South Korean Air Force Receives New Bunker Busting Cruise Missiles

South Korea’s F-15K Slam Eagle fighters will have another card up their sleeve.

Ankit Panda
South Korean Air Force Receives New Bunker Busting Cruise Missiles
Credit: CC BY-SA 3.0 (Wikimedia Commons)

The Republic of Korea Air Force (ROKAF) has started receiving its new Taurus KEPD 350K air-launched cruise missiles (ALCM), IHS Jane’s Defense reported on Friday, when the first delivery was announced. The new ALCMs, designed by a joint German-Swedish partnership, will be integrated into the ROKAF’s existing Boeing F-15K Slam Eagle multi-role fighters.

According to Jane’s, “an undisclosed number of missiles were formally handed over to the Republic of Korea Air Force (RoKAF).” The missiles were handed over at a ceremony at Taurus Systems’ headquarters in Germany.
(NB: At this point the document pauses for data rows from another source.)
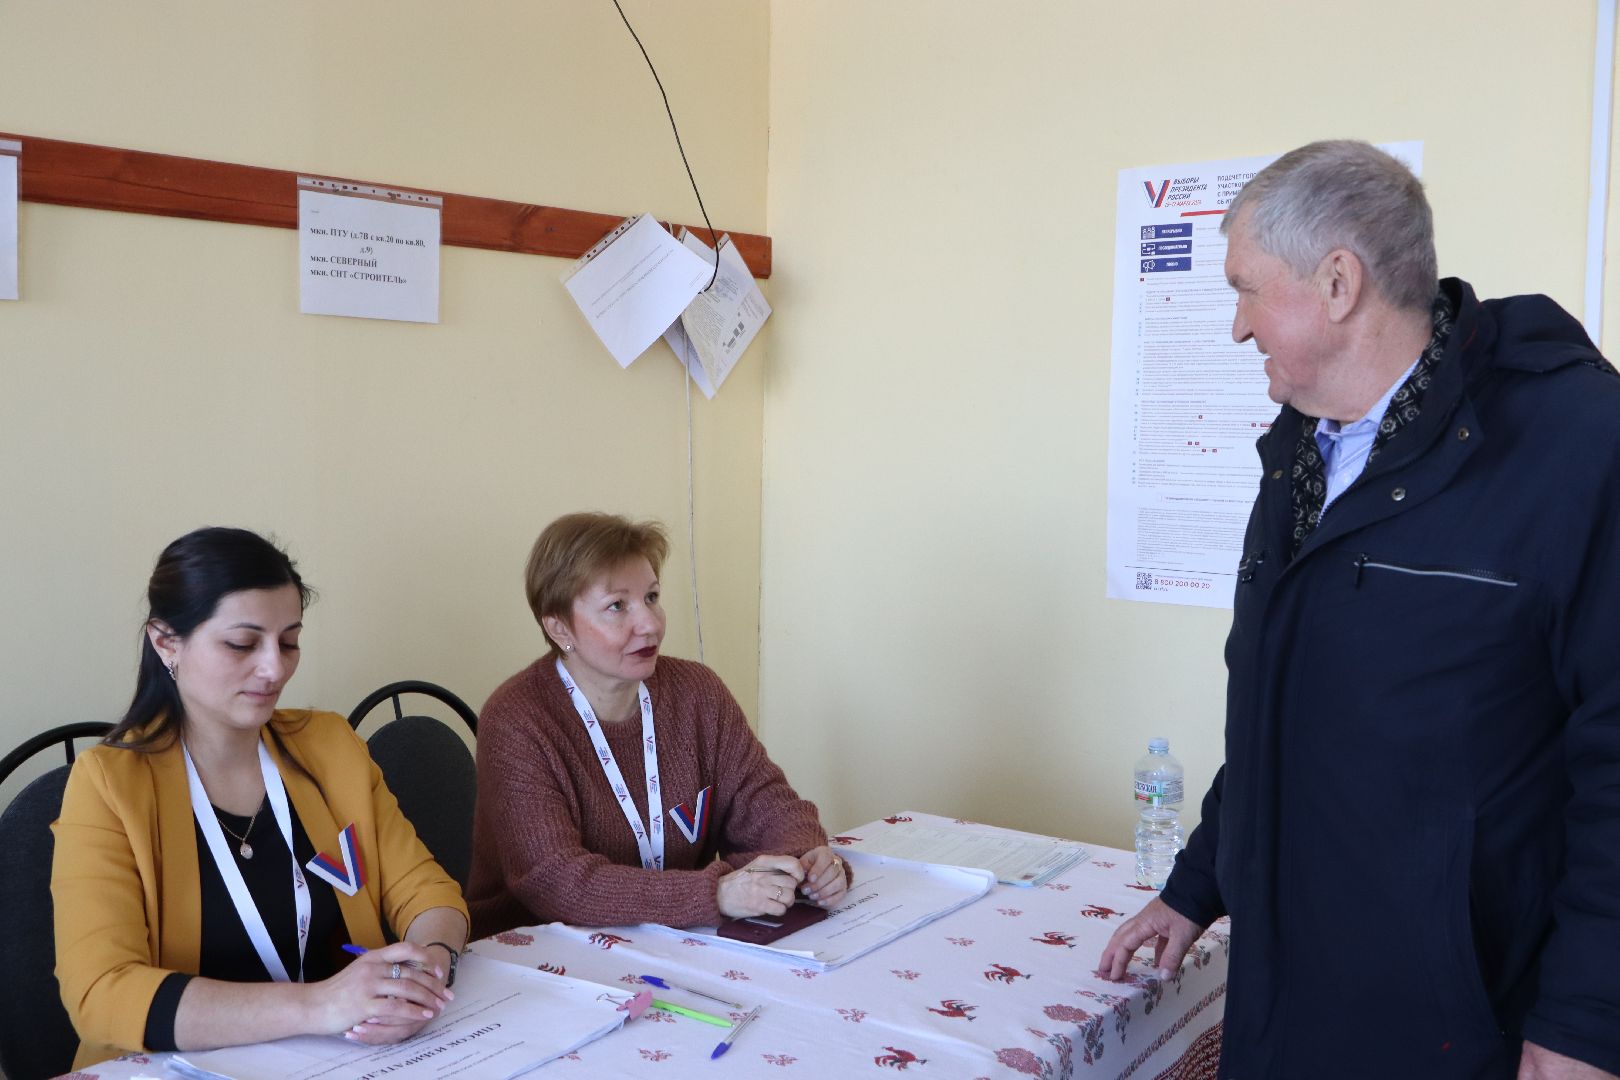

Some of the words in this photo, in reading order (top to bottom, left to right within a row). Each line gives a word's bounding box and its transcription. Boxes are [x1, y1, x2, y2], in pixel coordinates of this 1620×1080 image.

[1173, 177, 1200, 185] ВЫБОРЫ
[1170, 183, 1208, 193] ПРЕЗИДЕНТА
[1168, 192, 1192, 201] РОССИИ
[330, 228, 349, 238] ПТУ
[330, 255, 377, 268] СЕВЕРНЫЙ
[330, 269, 348, 278] СНТ
[349, 271, 407, 284] «СТРОИТЕЛЬ»
[1175, 580, 1189, 588] 200
[447, 1023, 502, 1048] СПИСОК
[358, 1046, 448, 1080] ИЗБИРАТЕЛЕ
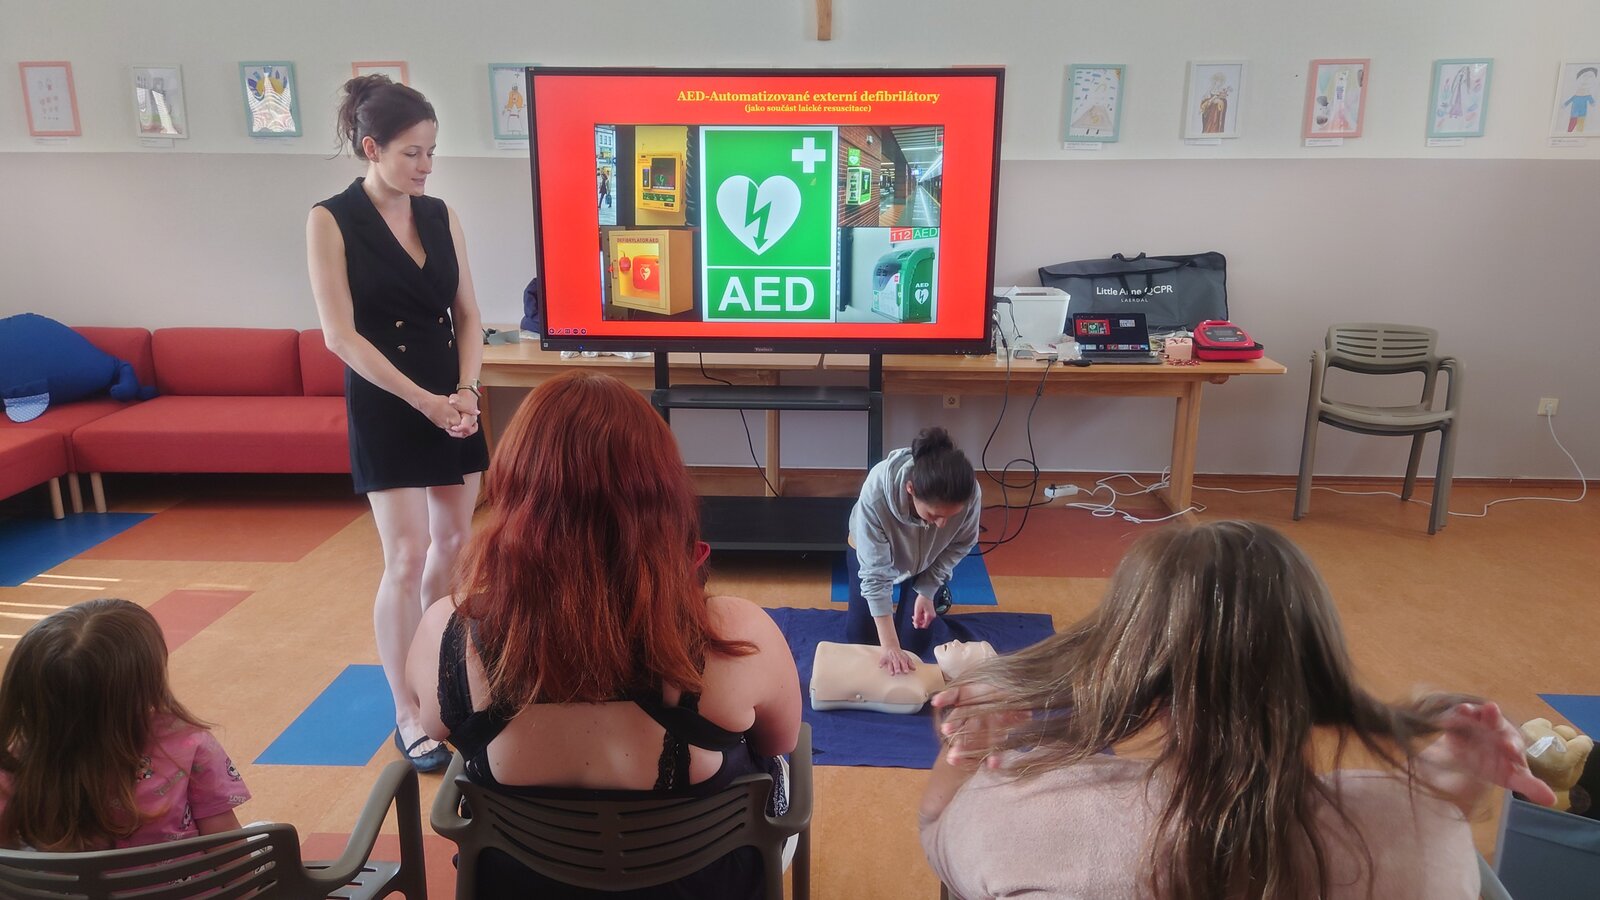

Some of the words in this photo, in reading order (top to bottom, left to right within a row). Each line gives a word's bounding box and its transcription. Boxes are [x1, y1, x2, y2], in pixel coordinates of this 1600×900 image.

[677, 91, 810, 102] AED-Automatizované
[813, 90, 858, 102] externí
[860, 90, 940, 104] defibrilátory
[744, 104, 766, 113] (jako
[767, 104, 797, 112] součást
[799, 104, 822, 112] laické
[823, 104, 872, 113] resuscitace)
[891, 230, 911, 241] 112
[913, 227, 938, 239] AED
[717, 276, 815, 312] AED
[1096, 286, 1118, 296] Little
Taurus describes the KEPD 350 as “a modular stand-off missile system for precision strikes against hardened and high-value point and area targets.” The missile is designed to “fly through dense air defences at a very low, terrain-hugging level and kill high-value targets.”
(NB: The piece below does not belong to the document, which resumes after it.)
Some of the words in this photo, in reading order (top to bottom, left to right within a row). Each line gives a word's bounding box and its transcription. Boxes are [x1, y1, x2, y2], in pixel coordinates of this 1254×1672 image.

The system is currently operated extensively by Germany, which purchased 600 units for its air force, and Spain. Germany uses the missile on its fleet of Panavia Tornado multirole combat aircraft. The Spanish Air Force has armed its Eurofighter Typhoons and Boeing EF-18 Hornets with the system.

South Korean F-15Ks can accommodate a weapons payload of over 13,000 kilograms. ROKAF’s existing F-15K armaments include several air-to-air systems, including a 20mm cannon, AIM-9 Sidewinder guided missiles (infrared guided), AIM-7 Sparrow air-to-air missiles (radar guided), and AIM-120 medium-range air-to-air missiles, among other systems.
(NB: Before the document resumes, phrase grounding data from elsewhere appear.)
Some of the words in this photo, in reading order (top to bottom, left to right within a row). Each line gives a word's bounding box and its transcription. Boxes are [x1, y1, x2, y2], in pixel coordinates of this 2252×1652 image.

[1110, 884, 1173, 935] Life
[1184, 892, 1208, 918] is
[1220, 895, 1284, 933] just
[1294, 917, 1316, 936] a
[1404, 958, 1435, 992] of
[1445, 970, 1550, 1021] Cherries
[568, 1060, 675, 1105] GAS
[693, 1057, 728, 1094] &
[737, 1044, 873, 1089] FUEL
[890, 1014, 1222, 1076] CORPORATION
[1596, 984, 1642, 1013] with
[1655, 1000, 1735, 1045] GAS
Enjoying this article? Click here to subscribe for full access. Just $5 a month.

With a range of 350 to 500 kilometers, the South Korean variant of the KEPD 350 is capable of terrain-hugging low-altitude flight at near-supersonic speeds. The KEPD 350K is armed with a penetrator warhead, dubbed the Multi-Effect Penetrator Highly Sophisticated and Target Optimised (MEPHISTO), to strike at hardened targets such as bunkers.

South Korea decided to opt for the KEPD 350 variant from Germany after having a request to purchase U.S.-made Lockheed Martin Joint Air-to-Surface Standoff Missiles (JASSMs) denied. Though the exact number of missiles on order by the ROKAF is not known, reports have suggested that South Korea is looking to purchase between 170 to 200 KEPD 350K ALCMs.